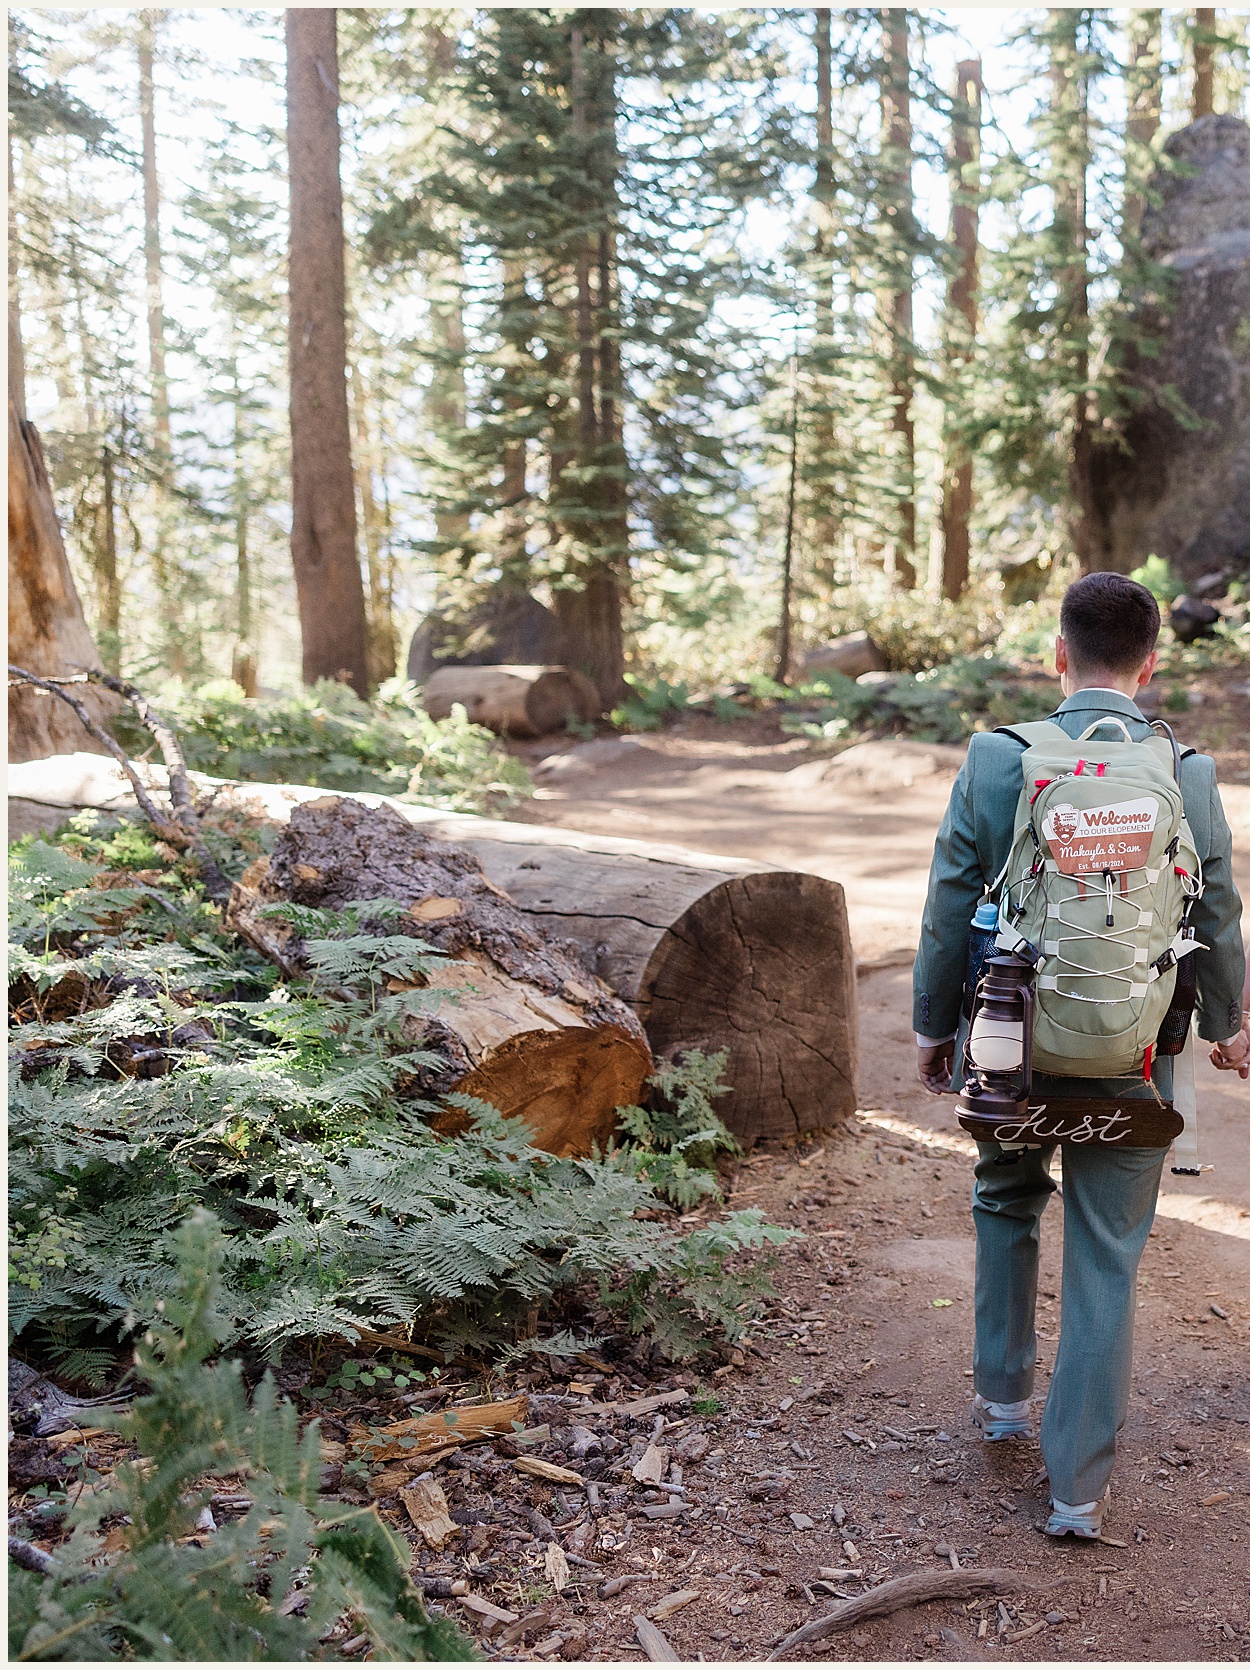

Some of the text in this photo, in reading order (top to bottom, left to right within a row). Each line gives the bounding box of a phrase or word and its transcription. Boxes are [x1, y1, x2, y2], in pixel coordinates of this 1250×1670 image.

[1083, 810, 1152, 827] Welcome
[1108, 824, 1151, 834] ELOPEMENT
[1060, 842, 1142, 861] Makayla & Sam
[993, 1104, 1133, 1143] Just
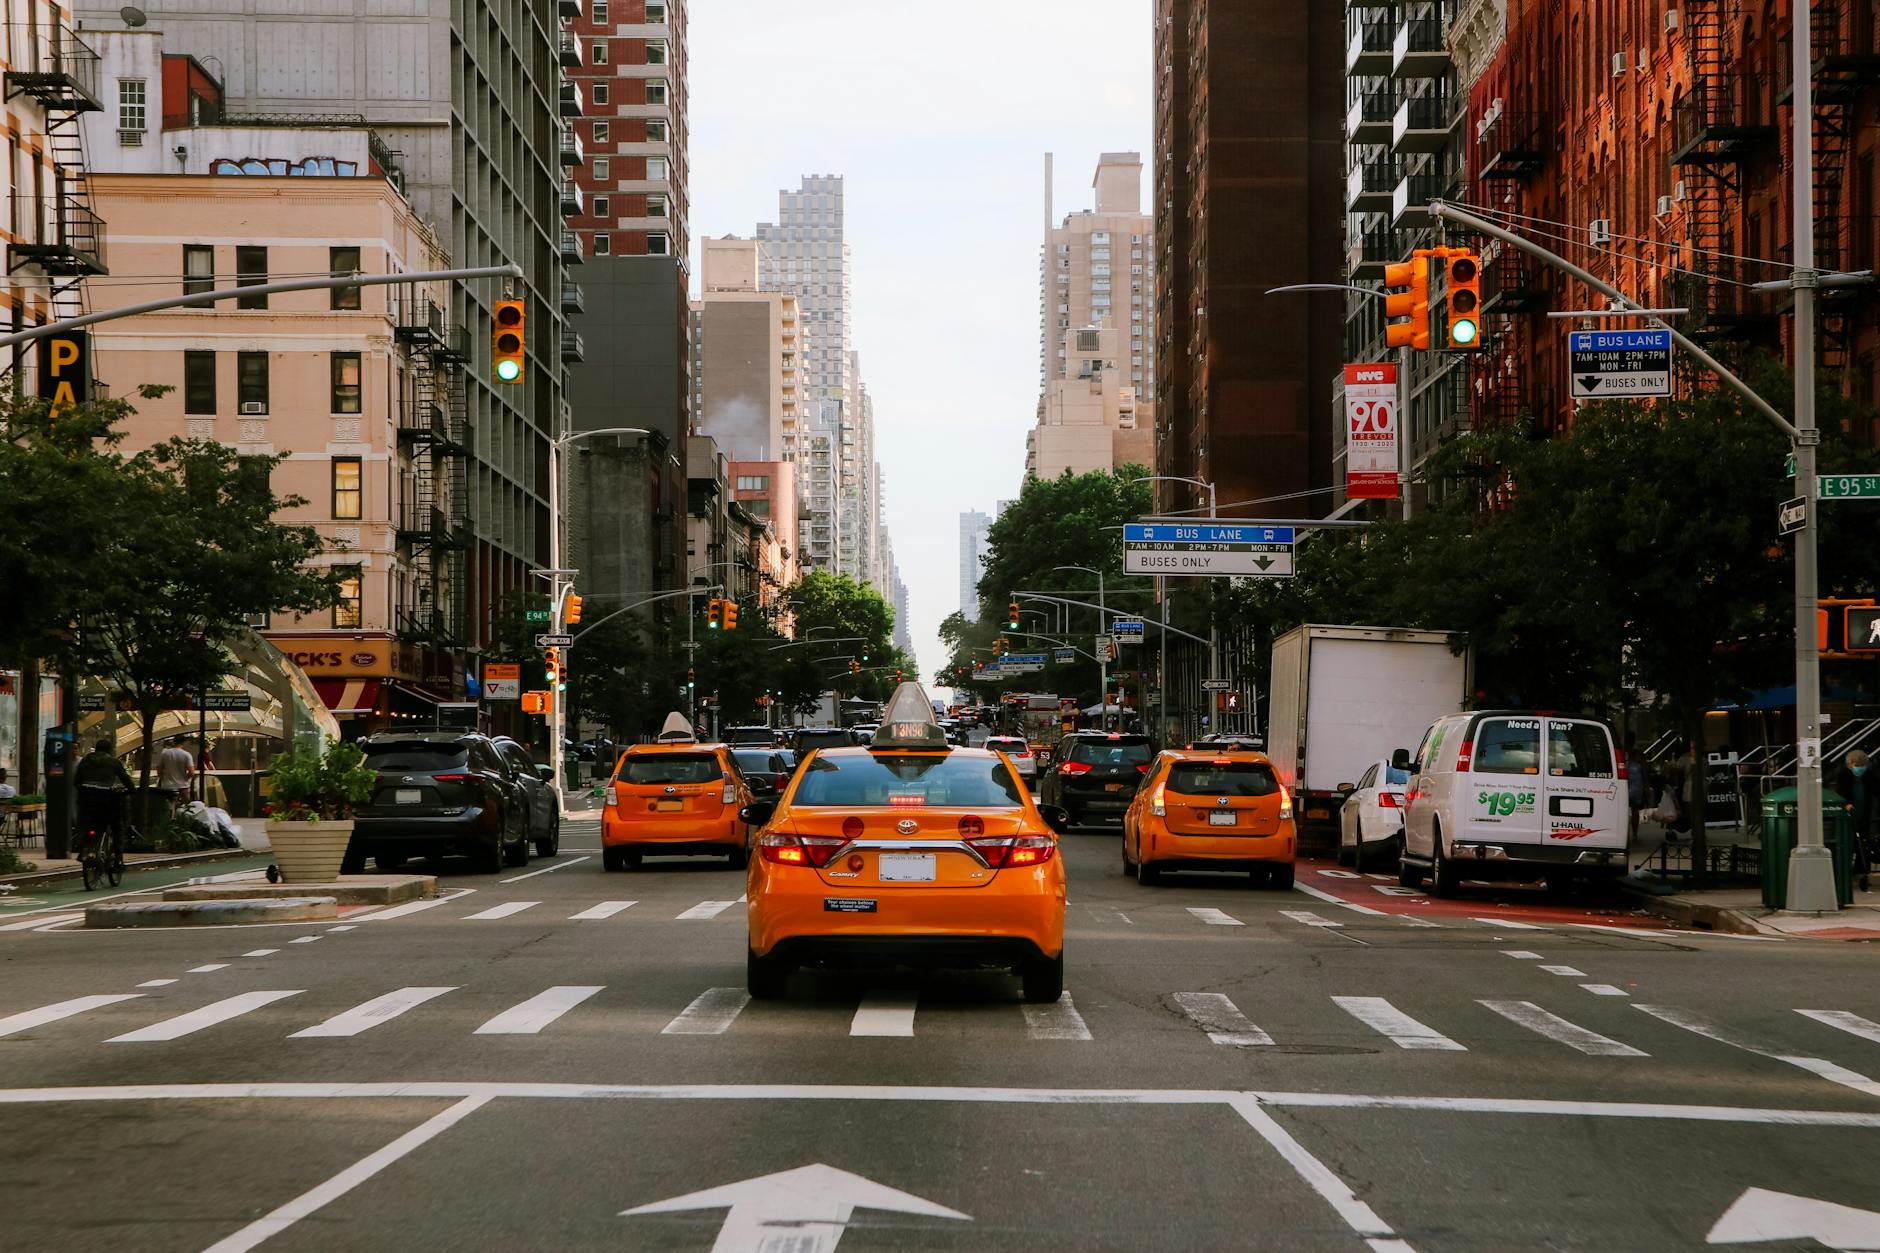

########

▶ _Brief_
Output the listing exactly, pictures excluded.

▶ _Exercise result_
Some of the text in this photo, in reading order (top to bottom, left to right within a row). Each line gives the bounding box of a phrase or word and its transcription. Boxes are [x1, y1, x2, y2], in pixel coordinates of this 1250×1670 image.

[1083, 810, 1152, 827] Welcome
[1108, 824, 1151, 834] ELOPEMENT
[1060, 842, 1142, 861] Makayla & Sam
[993, 1104, 1133, 1143] Just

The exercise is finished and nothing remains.